I have 4 Drupal sites that have nothing to do with each other, except that they all run on Drupal and they're all managed by me.

The modules each site needs will vary, but they probably share some small subset of modules.

Is this situation a good candidate for using multi-site configuration?

What if I want to add a fifth site? How would I upload the new one, or how would that work?

2 Answers 2


Multi-site setups are a little tricky due to their reliance on the same codebase. You can use a multi-site setup in this scenario, but bear in mind that when you upgrade a module in sites/all/modules, it'll affect all the sites (unless overridden in sites/$SITENAME/modules).

This leads to potential issues where one of your sites relies on N version of a module, but you want to use N+1 on another site. The module in question might not have an upgrade path, or it might've drastically changed its functionality between versions (not as uncommon as you might think, given Drupal culture towards major versions).

Additionally, if there are critical database changes needed during a module upgrade, you'll find that you need to take down multiple sites at the same time to ensure you run update.php.

So for most use-cases, multi-site isn't the way to go. Unless you're really strapped for space or you have some weird hosting restriction that prevents you from mapping each site's domain to a separate folder, you're likely better off maintaining separate code bases and using tools like Drush and version control to speed up code deployment.

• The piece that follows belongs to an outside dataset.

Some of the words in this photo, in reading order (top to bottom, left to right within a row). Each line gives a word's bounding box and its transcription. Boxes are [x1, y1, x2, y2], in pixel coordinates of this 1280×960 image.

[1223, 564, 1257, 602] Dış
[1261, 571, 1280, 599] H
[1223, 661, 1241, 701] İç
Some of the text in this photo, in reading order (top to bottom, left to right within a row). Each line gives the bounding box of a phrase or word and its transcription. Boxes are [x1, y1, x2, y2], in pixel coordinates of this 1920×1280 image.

The prototypical use-case for multi-site, outside of its use as a workaround for restrictive hosts, is when you're deploying a ton of sites that are extremely similar. You might be running a hosting service, or building a bunch of micro-sites for a company, or what-have-you. In those cases, you can roll your own multi-site setup, but you should also consider using Aegir, which automates and abstracts a lot of the hassles of running such a set-up.

Adding new sites to a multi-site setup is pretty straightforward: create a new folder under sites, edit sites/sites.php (Drupal 7 only), copy sites/default/default.settings.php to settings.php in that new folder, and visit the site in a browser. Drupal should begin the installation process and use the new folder. Your new site will have access to all the modules under sites/all/modules just like your exiting sites.

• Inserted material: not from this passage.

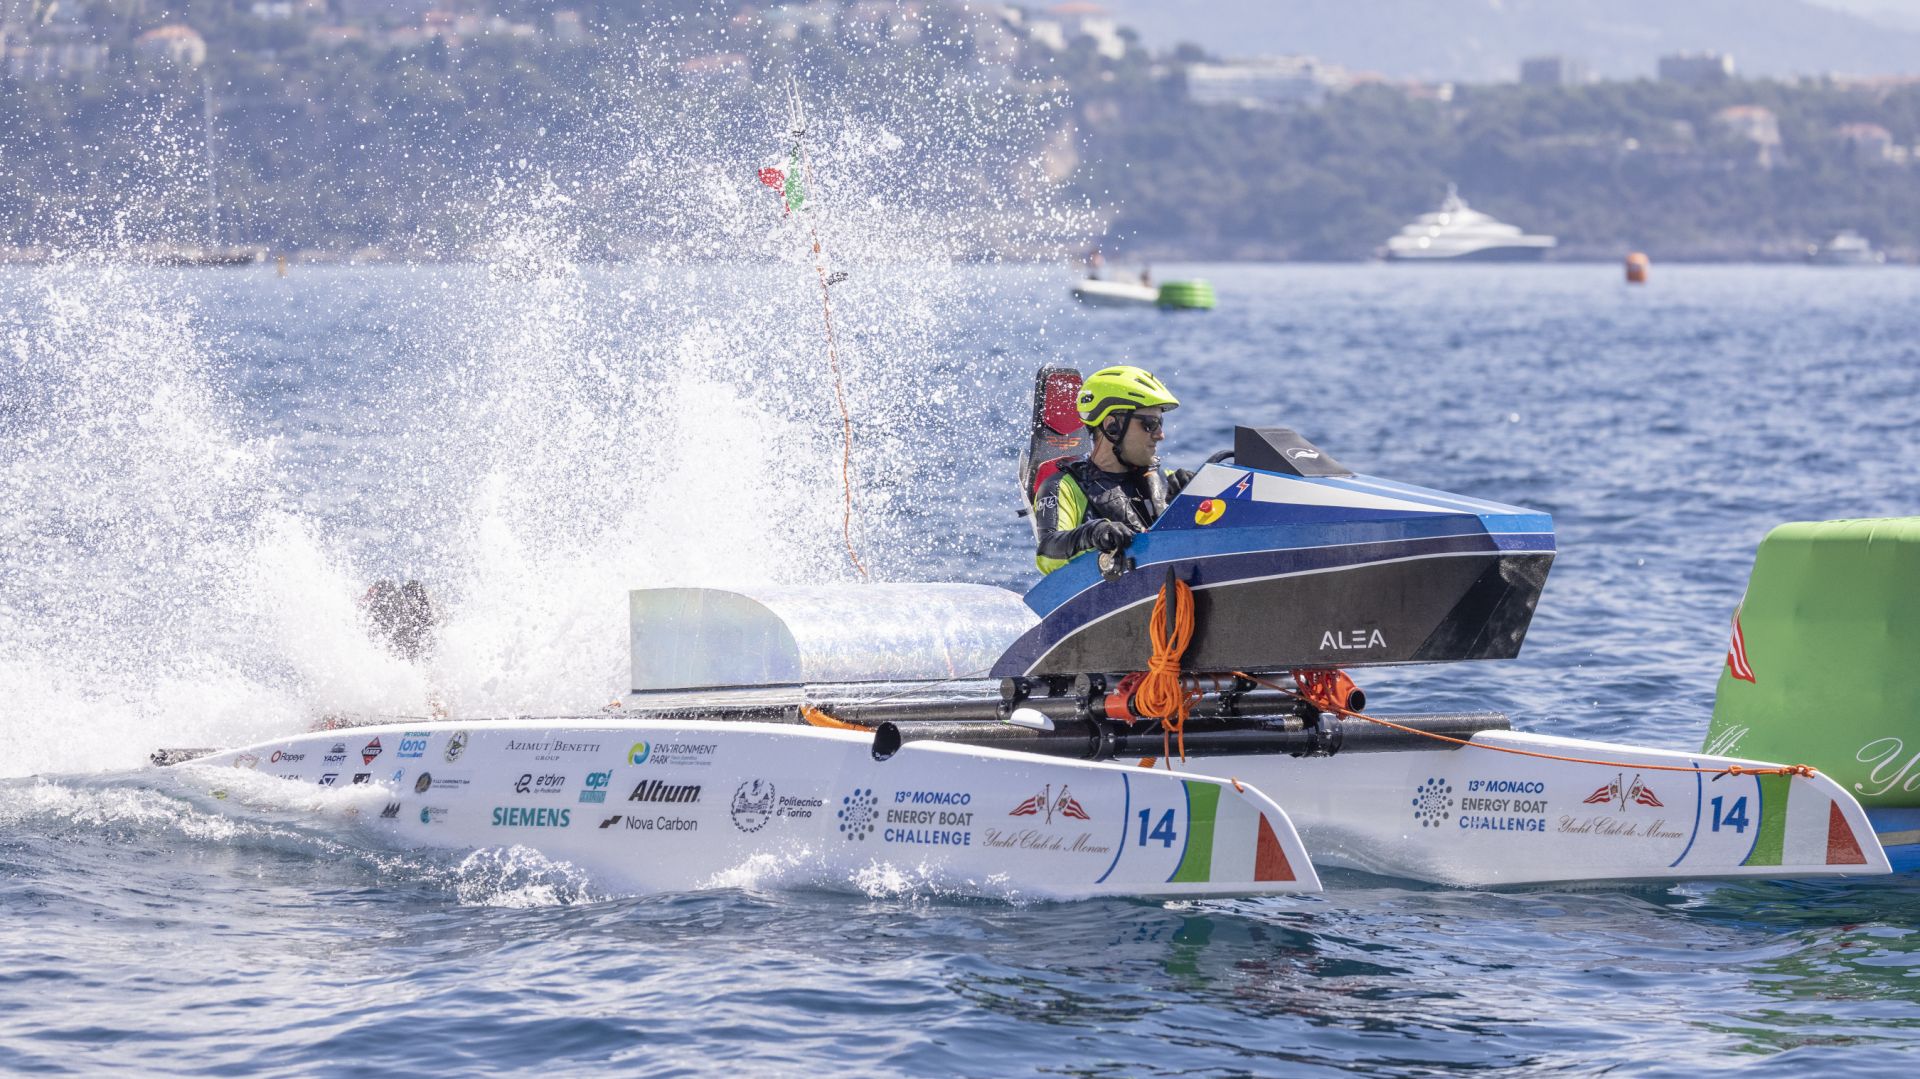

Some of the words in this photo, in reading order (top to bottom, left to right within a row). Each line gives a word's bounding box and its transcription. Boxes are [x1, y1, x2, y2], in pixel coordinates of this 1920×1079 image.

  • That's pretty cool. This is actually kind of related to my other question about symlinks and the modules folder. I'm tired of having to repeat the same routine everytime I start a new test site on my devel environment, and I'm also pretty sick of copying modules (especially custom modules) to multiple projects (complicates updating). So I guess I could use the multi-site approach, at least during development.
    – sameold
    Jun 4, 2011 at 2:25
  • @sameold what I use for Drupal development is a git repository that contains my must-use modules as submodules. Then it's just a matter of running git clone [email protected]:/base.git newsite to get a clean environment.
    – user7
    Jun 4, 2011 at 2:55
  • 4
    An alternative would be a drush make file for the basic setup. Another minor note, editing sites/sites.php is optional and only necessary when the default lookup like it was in D6 doesn't work (e.g. multi-site with multiple domains for a single site).
    – Berdir
    Jun 4, 2011 at 7:50

I would use a Multi site where you have a related content offering but for different audiences.

For example we use it for our Intranet which supports multiple brands. This allows each brand to be administered individually with an option to share content / users (huge time saving on reducing duplication).

Also having a unique interface (menus/blocks/themed) goes a long way in ensuring different departments can easily access what is most important to them.

Lots of features are available using Domain Access such as allowing a user to set their default site, different sites by sub domain (So you could have marketing.intranet.local or engineering.intranet.local etc), search between sites, access control etc.